Instructions for the task: Set down each entry from the block beneath, exactly as written.

Saved data entries
- Opening Delimiter -
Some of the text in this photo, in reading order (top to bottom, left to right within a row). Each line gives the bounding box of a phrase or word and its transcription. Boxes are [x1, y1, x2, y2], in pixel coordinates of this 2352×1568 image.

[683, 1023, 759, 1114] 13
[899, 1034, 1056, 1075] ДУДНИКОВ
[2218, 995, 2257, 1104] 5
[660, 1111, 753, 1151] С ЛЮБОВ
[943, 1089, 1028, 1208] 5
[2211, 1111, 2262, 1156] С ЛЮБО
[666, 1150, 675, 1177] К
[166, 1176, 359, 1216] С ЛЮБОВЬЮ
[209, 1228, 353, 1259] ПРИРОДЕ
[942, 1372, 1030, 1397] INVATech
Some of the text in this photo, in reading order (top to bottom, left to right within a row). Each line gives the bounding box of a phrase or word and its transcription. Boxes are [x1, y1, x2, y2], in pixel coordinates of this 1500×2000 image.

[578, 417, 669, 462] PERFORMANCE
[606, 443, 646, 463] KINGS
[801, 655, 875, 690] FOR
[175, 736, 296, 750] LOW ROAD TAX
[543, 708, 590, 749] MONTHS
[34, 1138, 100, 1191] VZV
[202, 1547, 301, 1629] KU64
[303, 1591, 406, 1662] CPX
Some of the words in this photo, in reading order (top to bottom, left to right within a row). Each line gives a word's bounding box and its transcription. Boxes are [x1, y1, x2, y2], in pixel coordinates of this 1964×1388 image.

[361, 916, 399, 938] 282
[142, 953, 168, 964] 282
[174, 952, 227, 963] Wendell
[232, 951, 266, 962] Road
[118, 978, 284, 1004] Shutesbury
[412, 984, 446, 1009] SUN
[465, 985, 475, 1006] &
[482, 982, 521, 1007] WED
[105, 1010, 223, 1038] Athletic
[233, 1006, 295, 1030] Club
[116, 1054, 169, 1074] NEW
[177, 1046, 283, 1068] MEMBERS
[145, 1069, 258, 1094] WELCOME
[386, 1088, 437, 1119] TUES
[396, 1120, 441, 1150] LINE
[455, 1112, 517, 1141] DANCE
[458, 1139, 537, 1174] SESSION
- Closing Delimiter -
Problem solution:
Some of the text in this photo, in reading order (top to bottom, left to right within a row). Each line gives the bounding box of a phrase or word and its transcription. Boxes are [x1, y1, x2, y2], in pixel coordinates of this 2352×1568 image.

[683, 1023, 759, 1114] 13
[899, 1034, 1056, 1075] ДУДНИКОВ
[2218, 995, 2257, 1104] 5
[660, 1111, 753, 1151] С ЛЮБОВ
[943, 1089, 1028, 1208] 5
[2211, 1111, 2262, 1156] С ЛЮБО
[666, 1150, 675, 1177] К
[166, 1176, 359, 1216] С ЛЮБОВЬЮ
[209, 1228, 353, 1259] ПРИРОДЕ
[942, 1372, 1030, 1397] INVATech
Some of the text in this photo, in reading order (top to bottom, left to right within a row). Each line gives the bounding box of a phrase or word and its transcription. Boxes are [x1, y1, x2, y2], in pixel coordinates of this 1500×2000 image.

[578, 417, 669, 462] PERFORMANCE
[606, 443, 646, 463] KINGS
[801, 655, 875, 690] FOR
[175, 736, 296, 750] LOW ROAD TAX
[543, 708, 590, 749] MONTHS
[34, 1138, 100, 1191] VZV
[202, 1547, 301, 1629] KU64
[303, 1591, 406, 1662] CPX
Some of the words in this photo, in reading order (top to bottom, left to right within a row). Each line gives a word's bounding box and its transcription. Boxes are [x1, y1, x2, y2], in pixel coordinates of this 1964×1388 image.

[361, 916, 399, 938] 282
[142, 953, 168, 964] 282
[174, 952, 227, 963] Wendell
[232, 951, 266, 962] Road
[118, 978, 284, 1004] Shutesbury
[412, 984, 446, 1009] SUN
[465, 985, 475, 1006] &
[482, 982, 521, 1007] WED
[105, 1010, 223, 1038] Athletic
[233, 1006, 295, 1030] Club
[116, 1054, 169, 1074] NEW
[177, 1046, 283, 1068] MEMBERS
[145, 1069, 258, 1094] WELCOME
[386, 1088, 437, 1119] TUES
[396, 1120, 441, 1150] LINE
[455, 1112, 517, 1141] DANCE
[458, 1139, 537, 1174] SESSION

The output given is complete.